++++ THE DATA ++++

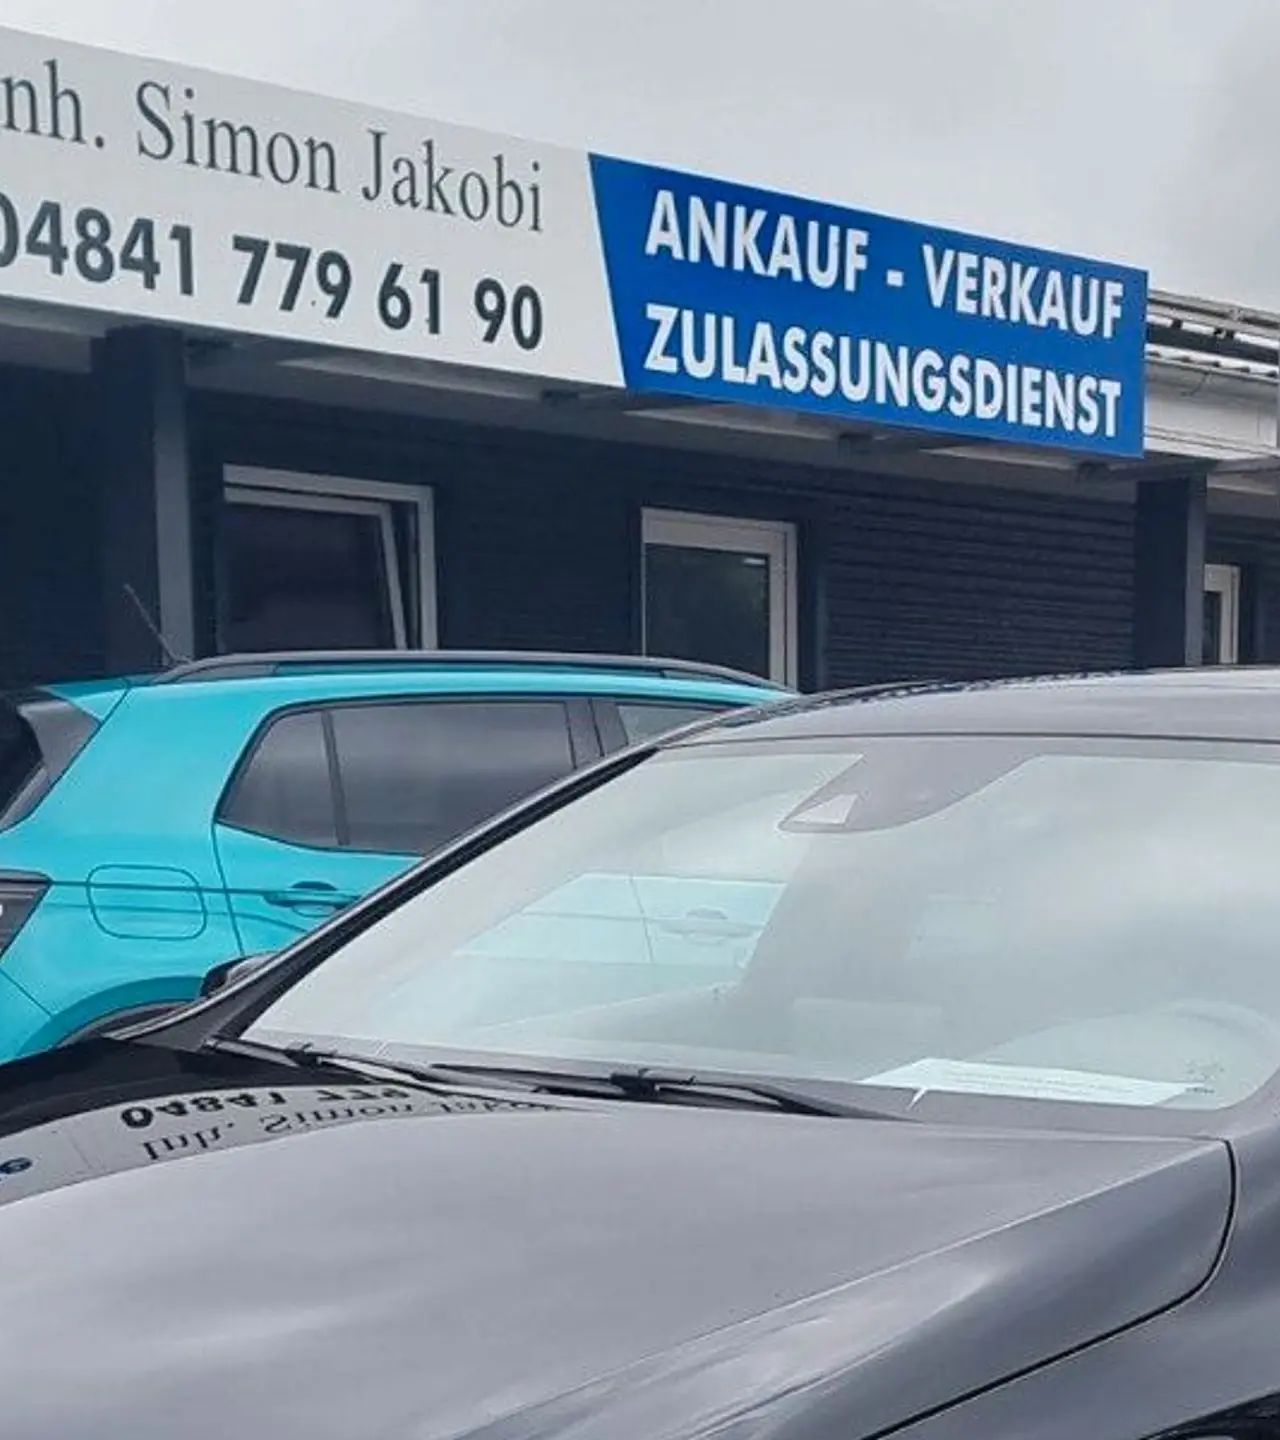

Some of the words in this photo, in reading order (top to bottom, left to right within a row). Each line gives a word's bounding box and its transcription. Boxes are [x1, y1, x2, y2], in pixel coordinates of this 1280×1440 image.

[134, 78, 340, 195] Simon
[361, 126, 544, 234] Jakobi
[230, 234, 353, 322] 779
[376, 260, 446, 336] 61
[473, 277, 545, 352] 90
[646, 189, 869, 290] ANKAUF
[922, 243, 1124, 338] VERKAUF
[645, 304, 1121, 437] ZULASSUNGSDIENST

++++

EXERCISE OBJECTIVE: An exact reprint of the records above is required, with all pictures left out.

TASK SOLUTION:
Some of the words in this photo, in reading order (top to bottom, left to right within a row). Each line gives a word's bounding box and its transcription. Boxes are [x1, y1, x2, y2], in pixel coordinates of this 1280×1440 image.

[134, 78, 340, 195] Simon
[361, 126, 544, 234] Jakobi
[230, 234, 353, 322] 779
[376, 260, 446, 336] 61
[473, 277, 545, 352] 90
[646, 189, 869, 290] ANKAUF
[922, 243, 1124, 338] VERKAUF
[645, 304, 1121, 437] ZULASSUNGSDIENST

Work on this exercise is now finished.